第20章 卒業式
「あのね…」
卒業式の後、校庭で囲まれたところから順を追って説明していく。
突然、大勢から一方的に好意を押し付けられたこと。
何を言っても聞いてもらえず、身の危険を感じるほどの状態になってしまったこと。
何とか逃げ出したけど、そのまま鬼ごっこ状態になってしまったこと。
なるべく簡潔に。
省きすぎてうまく伝わらなかったところは翔ちゃんに補足してもらいながら話していった。
「それは災難だったねぇ」
ひと通り聞いた校長先生は、同情するような、でもちょっとだけ面白がってるような顔をしたけど。

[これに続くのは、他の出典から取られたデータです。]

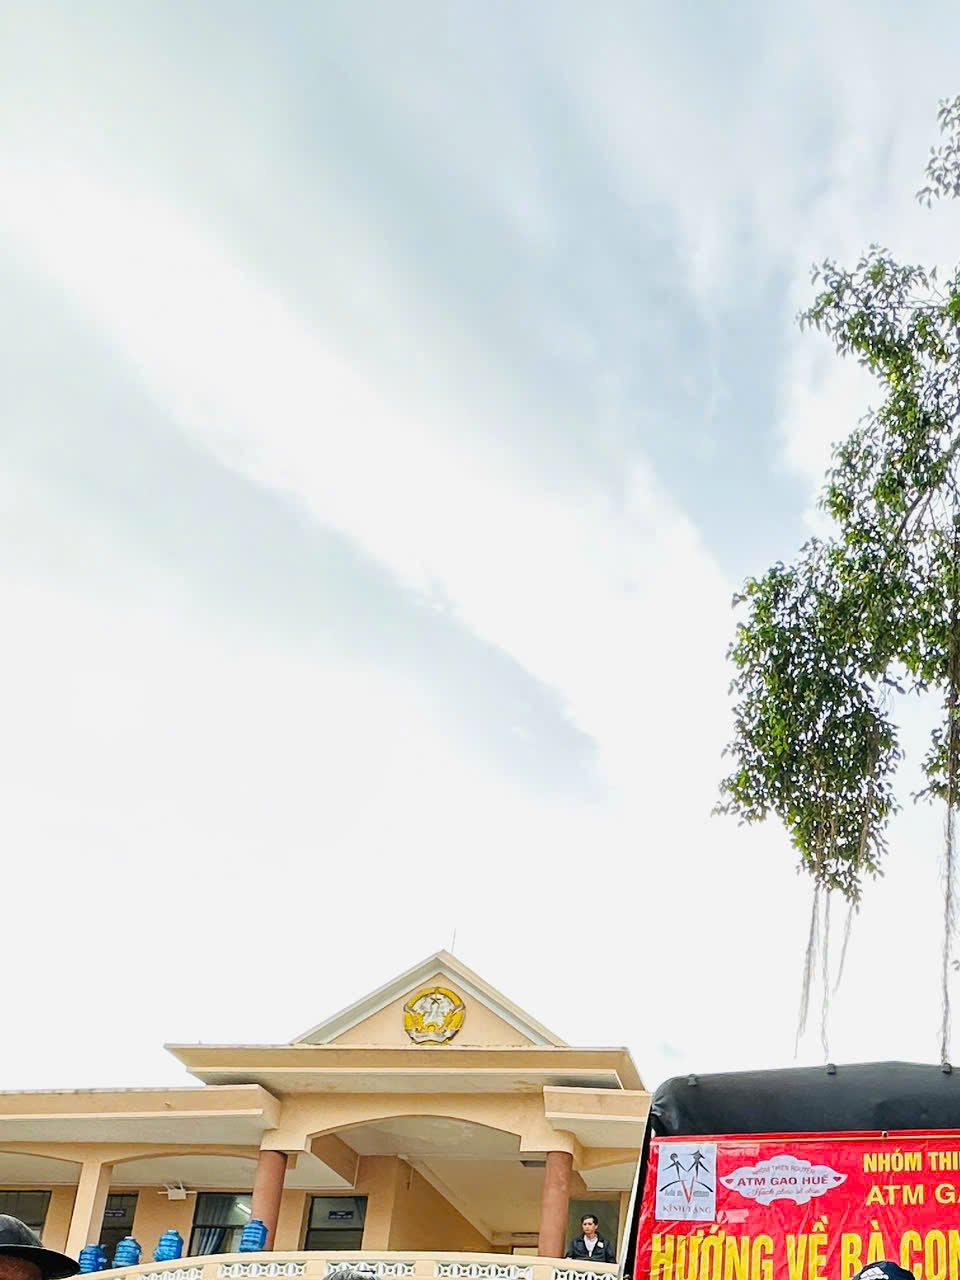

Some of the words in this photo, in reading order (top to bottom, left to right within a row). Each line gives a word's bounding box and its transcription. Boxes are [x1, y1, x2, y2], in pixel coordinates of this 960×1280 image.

みんなが諦めて帰るまでここに居ればいいと言って、本当に騒ぎが落ち着くまで匿ってくれた。
「これだけ探してるのになんで見つからないんだ!?」
「諦めるな!!何が何でも捕まえるんだ!!」
なんて、ヒートアップして学校中を走り回ってるやつらの奇声は絶えず聞こえてきてたけど。
さすがに校長室に隠れてるとは思わないのか、ここまで突撃してくるやつはいなかったし。
あまりの大騒動に先生方が沈静化のため動いてくれたみたいで。
「一体何を騒いでるんだ!!」
「早く帰りなさい!!」
騒いでるやつらを先生たちが注意してまわってる声をBGMに、俺たちは校長先生とのお茶とお喋りをゆっくり楽しませてもらった。